%%
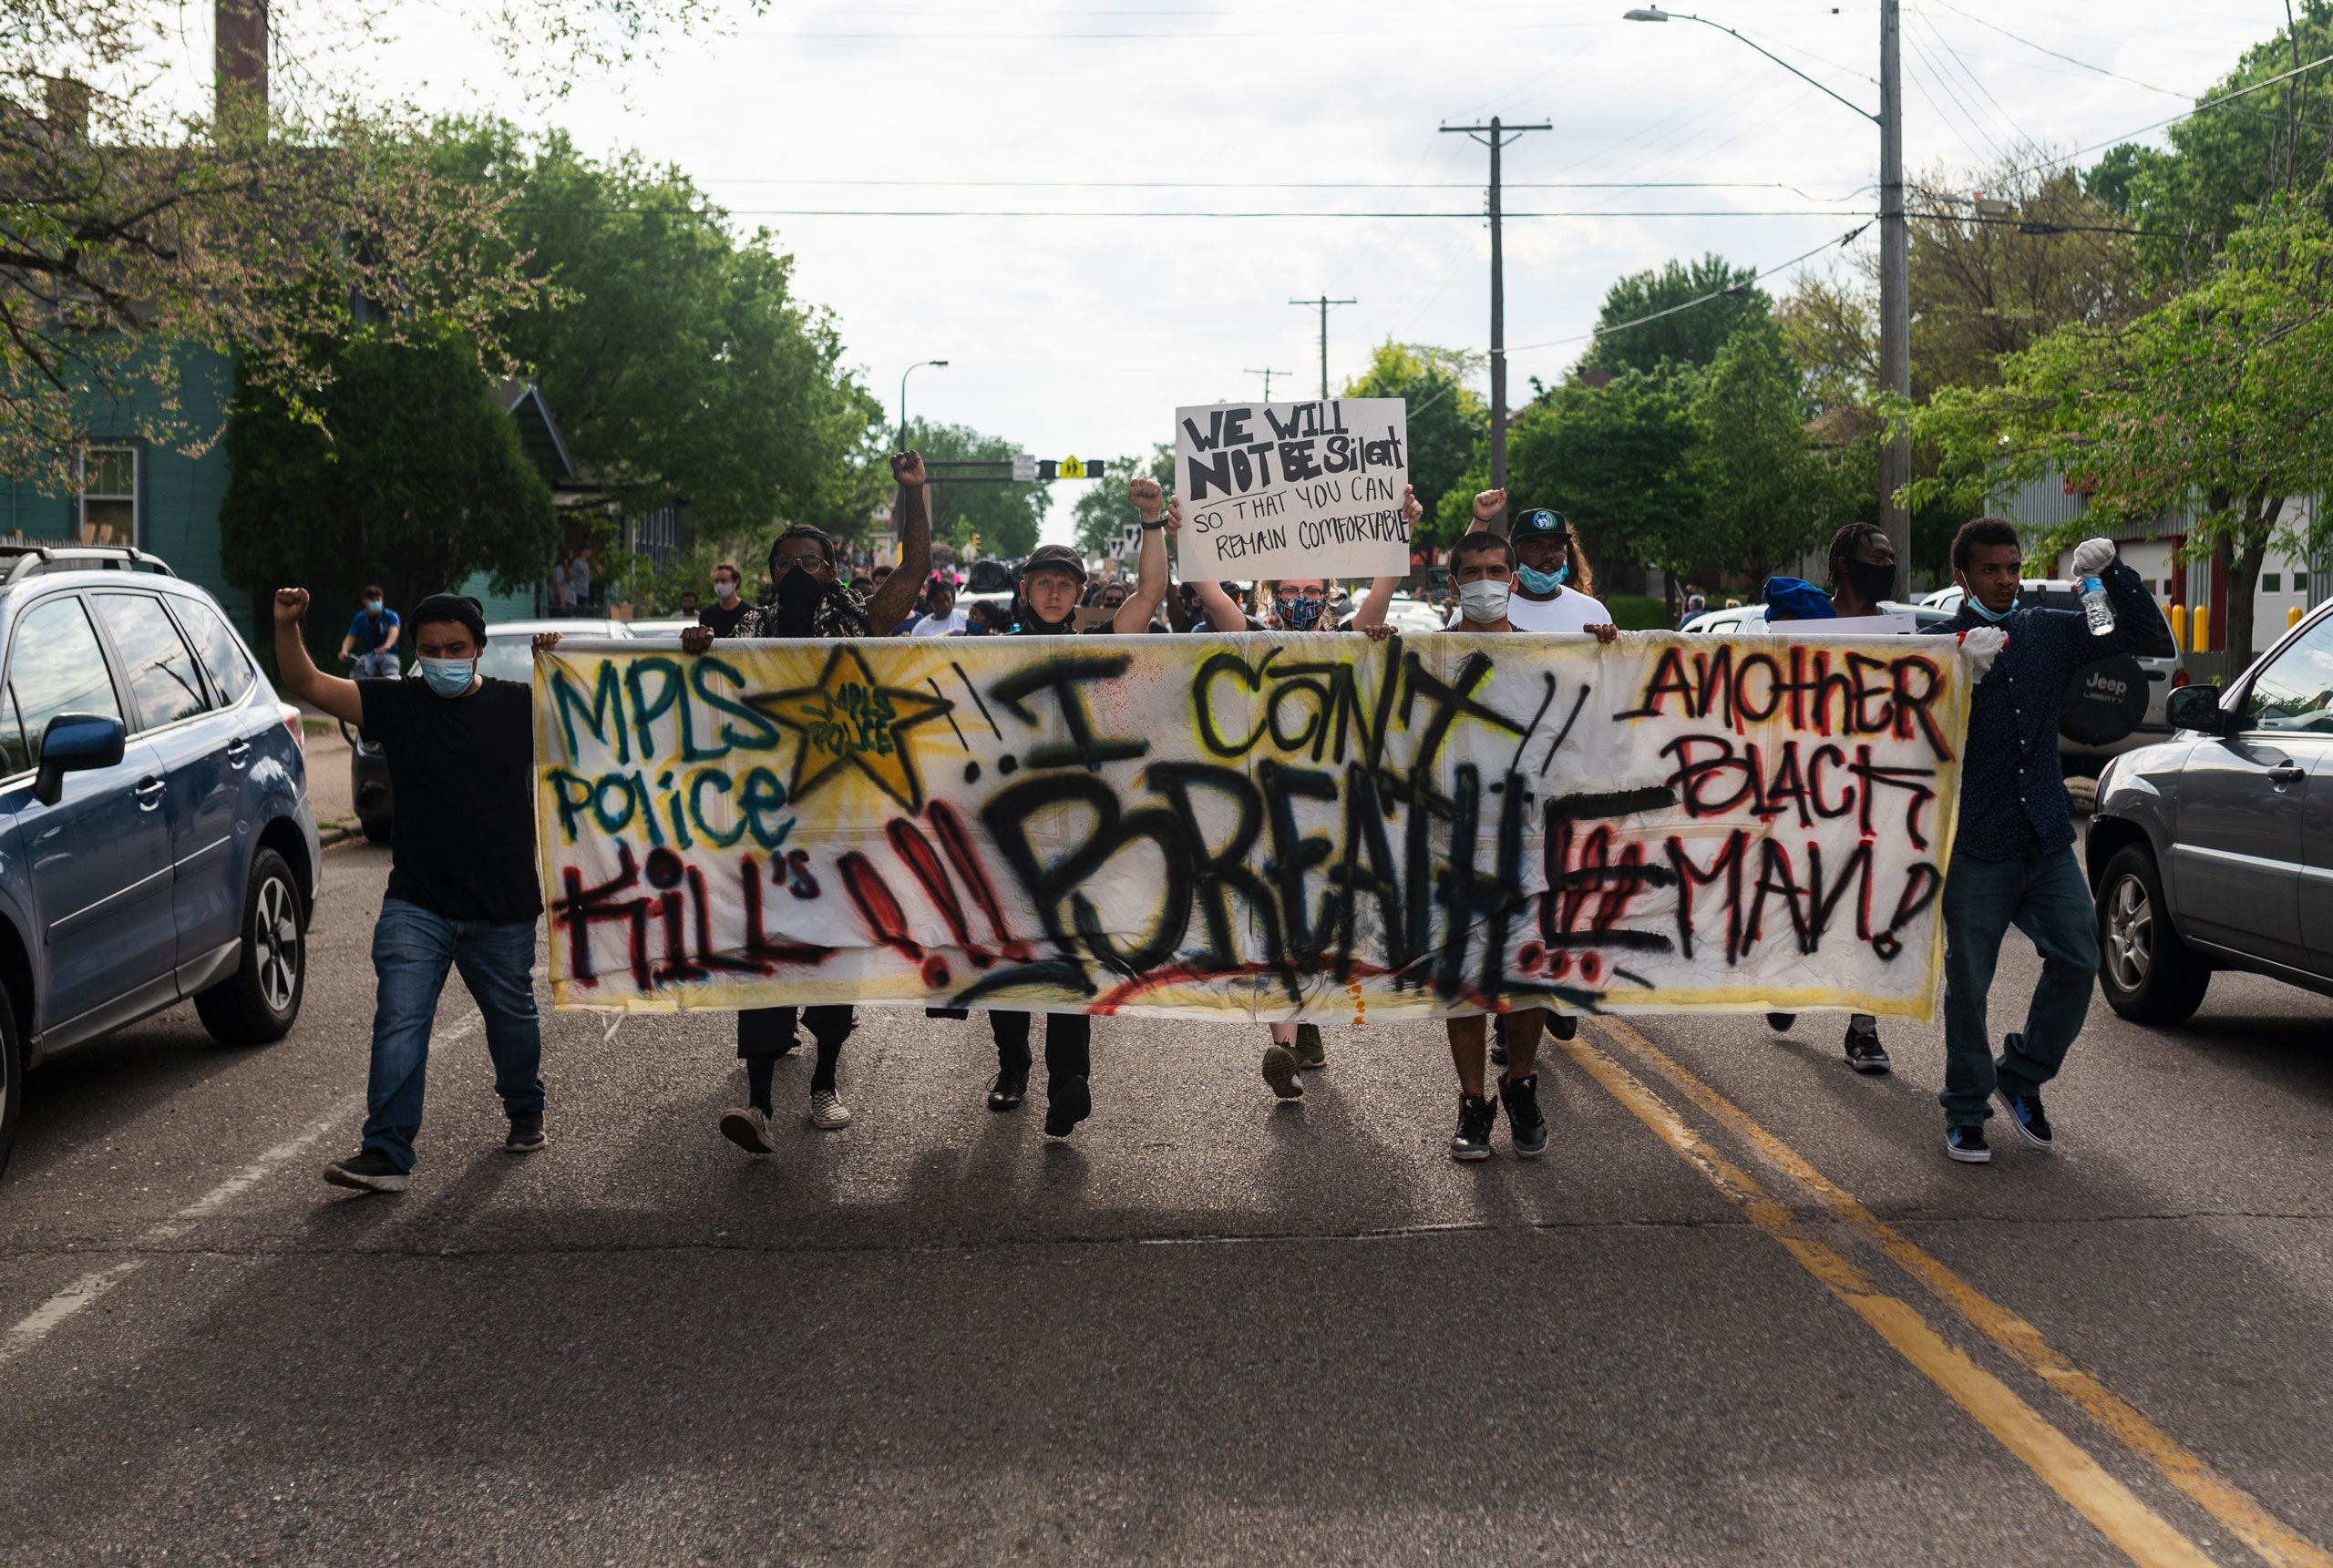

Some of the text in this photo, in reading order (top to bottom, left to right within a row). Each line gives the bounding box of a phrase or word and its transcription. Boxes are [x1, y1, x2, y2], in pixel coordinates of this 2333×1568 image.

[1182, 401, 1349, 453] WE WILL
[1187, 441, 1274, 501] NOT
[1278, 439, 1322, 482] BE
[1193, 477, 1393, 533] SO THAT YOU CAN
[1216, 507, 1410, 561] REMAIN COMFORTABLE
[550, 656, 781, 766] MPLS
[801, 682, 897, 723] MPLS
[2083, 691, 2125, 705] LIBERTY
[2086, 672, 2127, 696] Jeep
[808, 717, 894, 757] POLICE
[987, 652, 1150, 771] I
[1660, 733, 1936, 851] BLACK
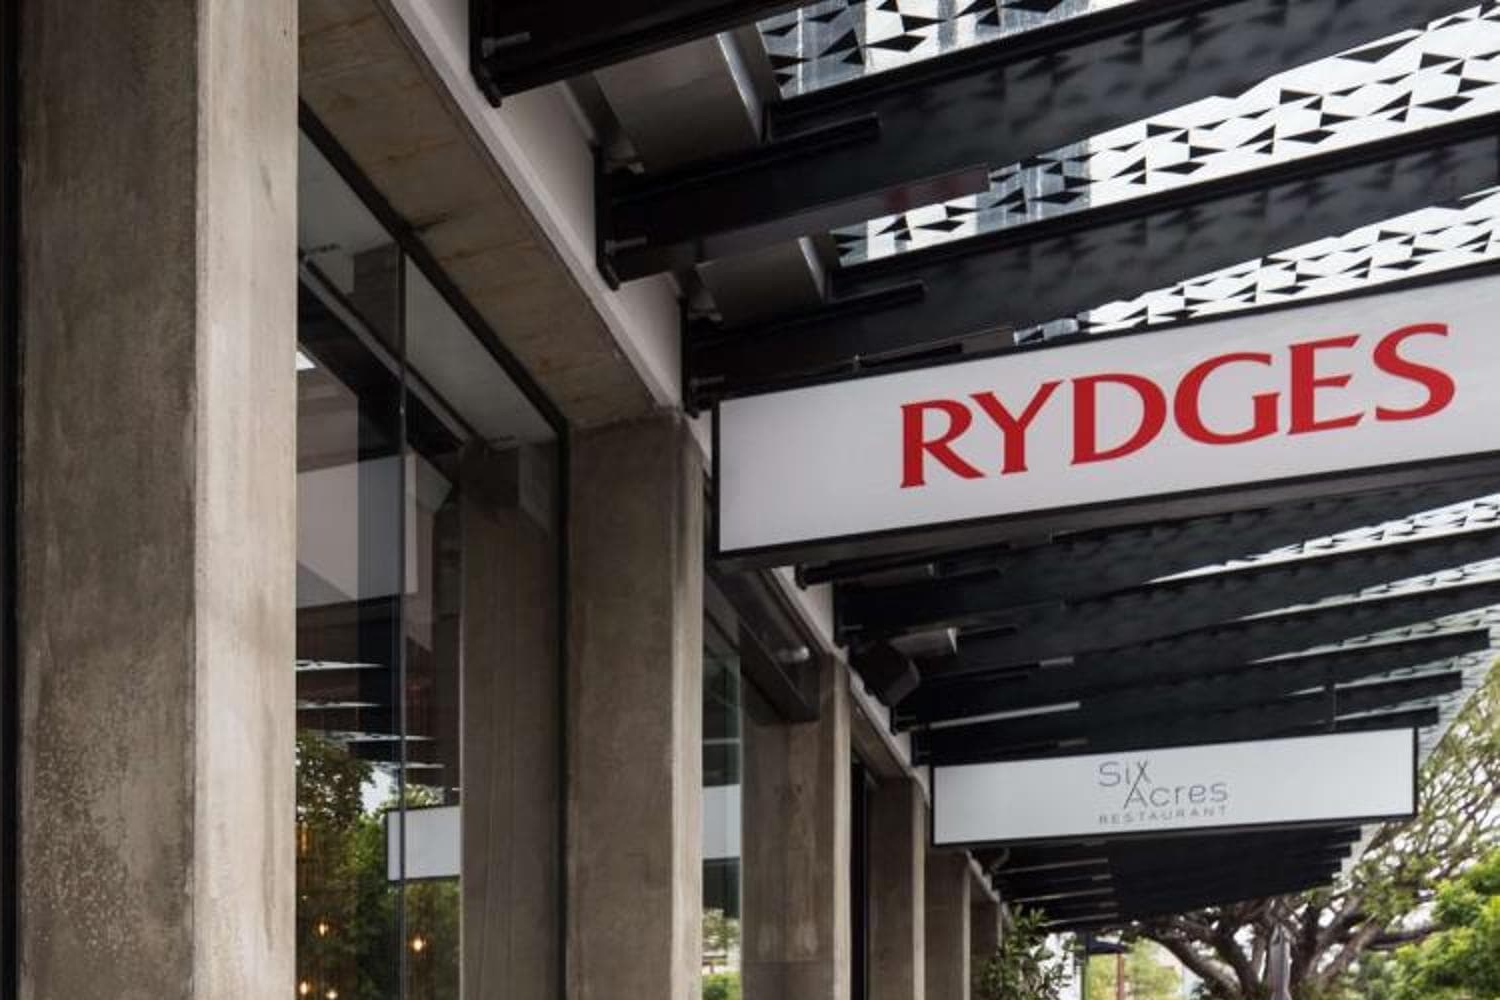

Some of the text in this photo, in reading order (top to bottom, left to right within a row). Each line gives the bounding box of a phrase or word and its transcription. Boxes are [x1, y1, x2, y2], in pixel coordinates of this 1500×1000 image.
%%
Work request:
Only the pictures are to be left out; repeat all other material exactly.

Exercise response:
Some of the text in this photo, in reading order (top to bottom, left to right within a row). Each line gives the bounding box of a phrase or word and its transcription. Boxes are [x1, y1, x2, y2], in pixel coordinates of this 2333×1568 image.

[1182, 401, 1349, 453] WE WILL
[1187, 441, 1274, 501] NOT
[1278, 439, 1322, 482] BE
[1193, 477, 1393, 533] SO THAT YOU CAN
[1216, 507, 1410, 561] REMAIN COMFORTABLE
[550, 656, 781, 766] MPLS
[801, 682, 897, 723] MPLS
[2083, 691, 2125, 705] LIBERTY
[2086, 672, 2127, 696] Jeep
[808, 717, 894, 757] POLICE
[987, 652, 1150, 771] I
[1660, 733, 1936, 851] BLACK

Some of the text in this photo, in reading order (top to bottom, left to right within a row). Each line gives the bounding box of a phrase or word and its transcription. Boxes are [x1, y1, x2, y2], in pixel coordinates of this 1500×1000 image.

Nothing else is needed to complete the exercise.